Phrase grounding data
------------------------------------------------------------------------
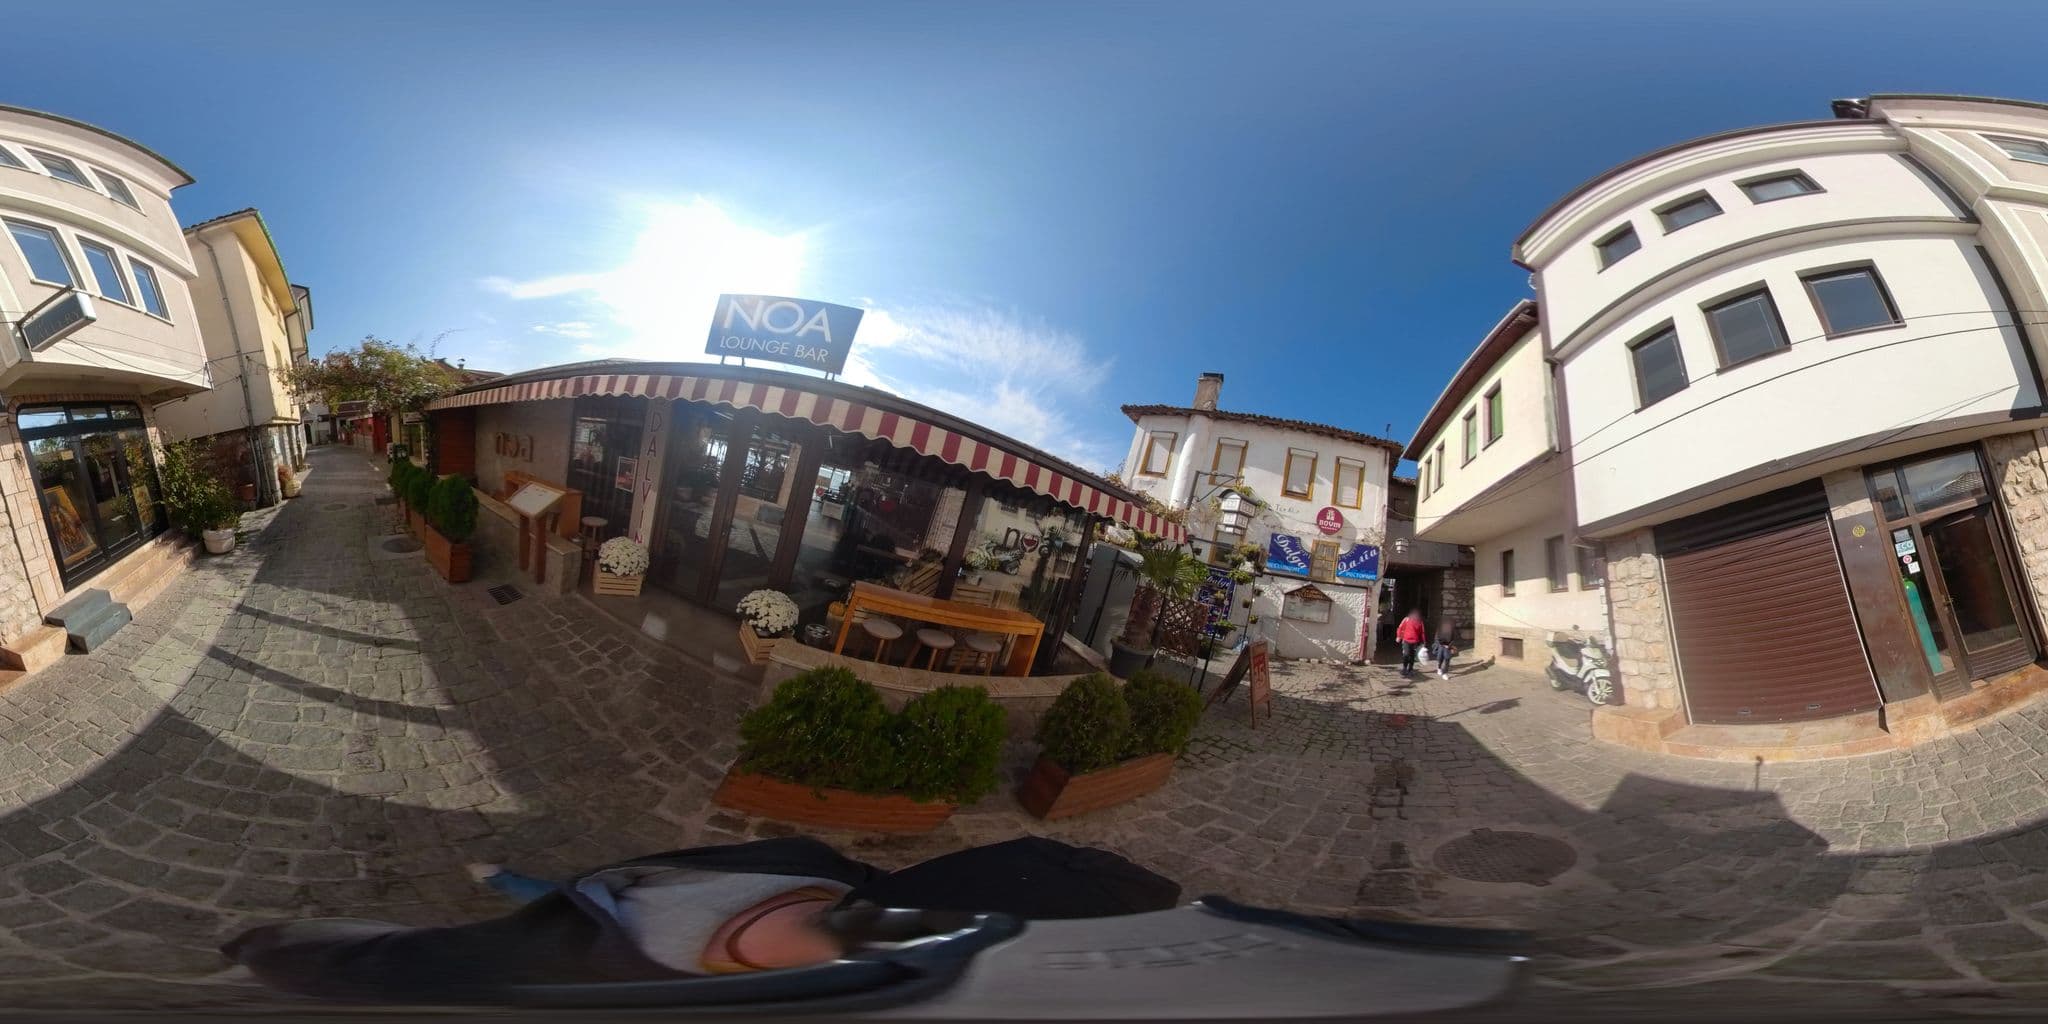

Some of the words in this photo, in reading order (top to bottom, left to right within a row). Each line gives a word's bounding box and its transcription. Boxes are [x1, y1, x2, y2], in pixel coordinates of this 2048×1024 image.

[723, 299, 832, 343] NOA
[720, 335, 790, 356] LOUNGE
[794, 344, 829, 363] BAR
[1273, 534, 1308, 569] Dalga
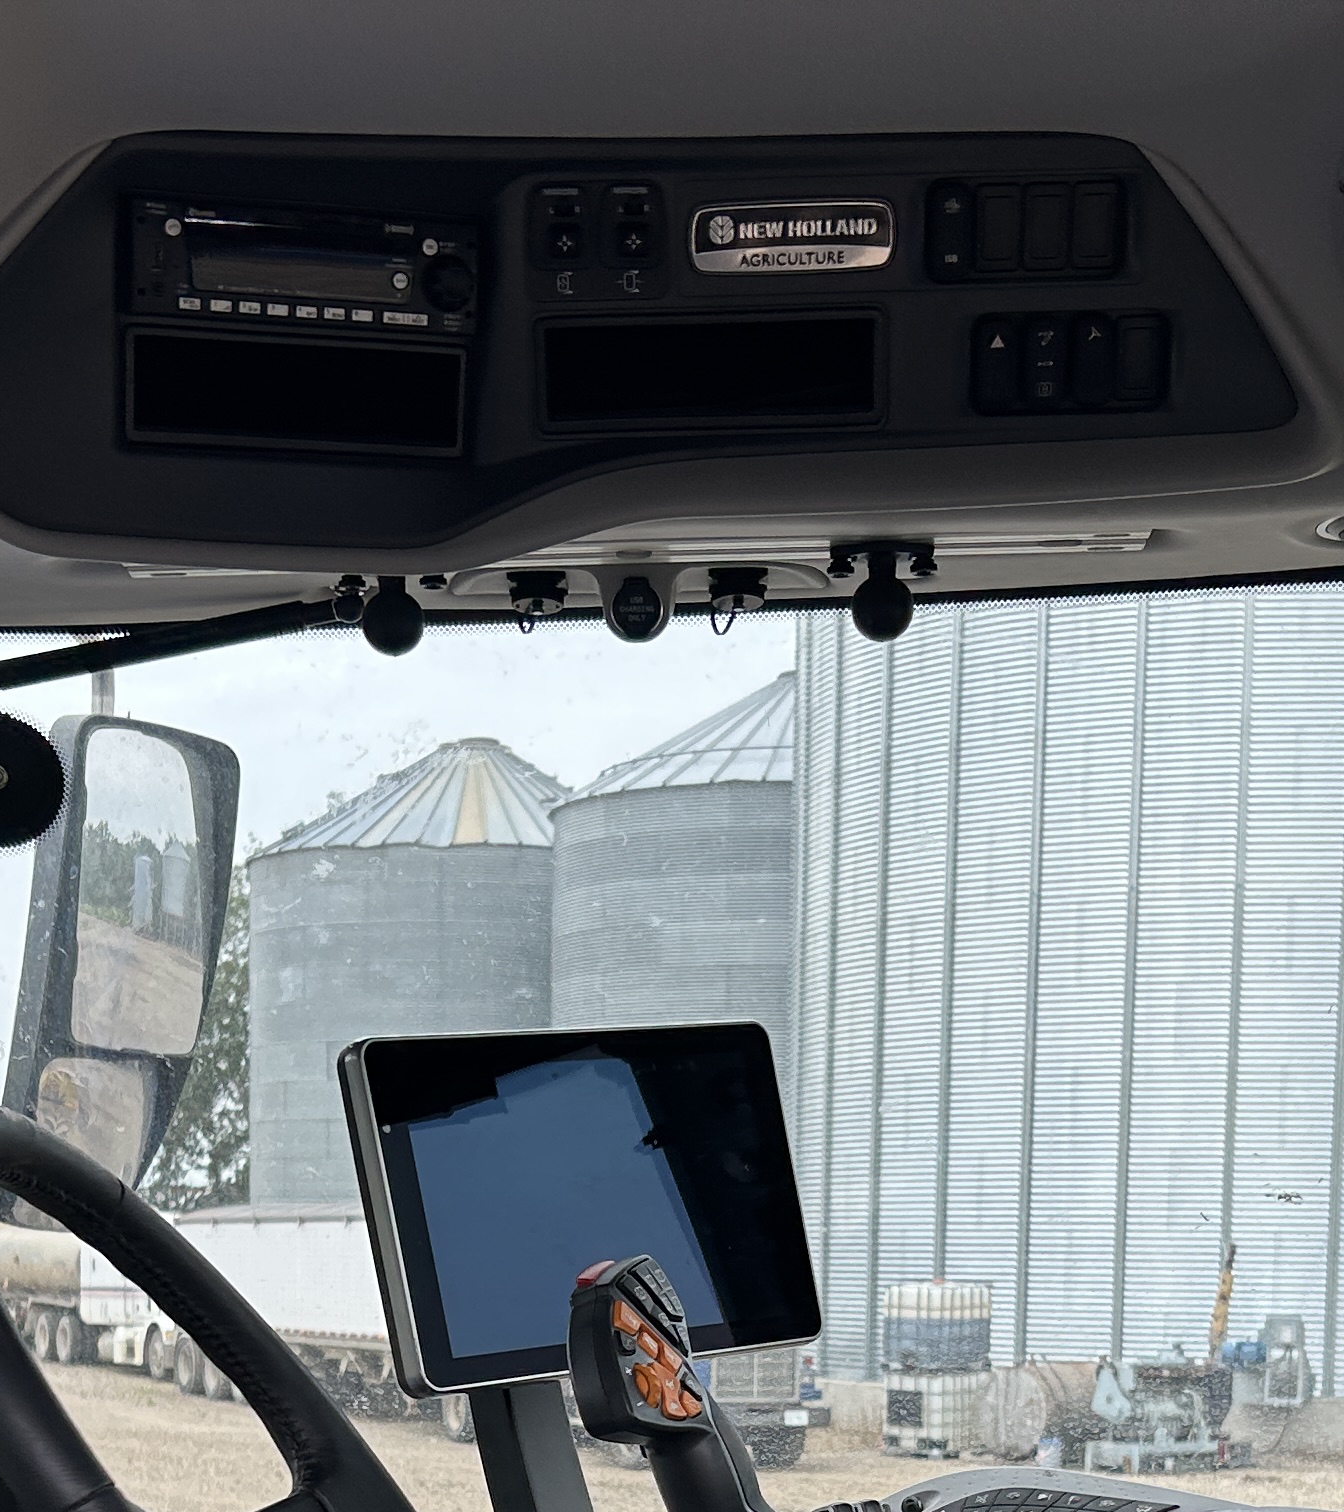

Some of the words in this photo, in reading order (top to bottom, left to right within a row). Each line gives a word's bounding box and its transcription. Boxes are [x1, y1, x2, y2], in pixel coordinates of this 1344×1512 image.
------------------------------------------------------------------------
▶ _What the task asks_:
Now reproduce all of the entries precisely, with no pictures in the copy.

▶ _Response_:
Some of the words in this photo, in reading order (top to bottom, left to right within a row). Each line gives a word's bounding box and its transcription. Boxes are [x1, y1, x2, y2], in pixel coordinates of this 2048×1024 image.

[723, 299, 832, 343] NOA
[720, 335, 790, 356] LOUNGE
[794, 344, 829, 363] BAR
[1273, 534, 1308, 569] Dalga

Some of the words in this photo, in reading order (top to bottom, left to right within a row). Each line gives a word's bounding box and its transcription. Boxes are [x1, y1, x2, y2], in pixel coordinates of this 1344×1512 image.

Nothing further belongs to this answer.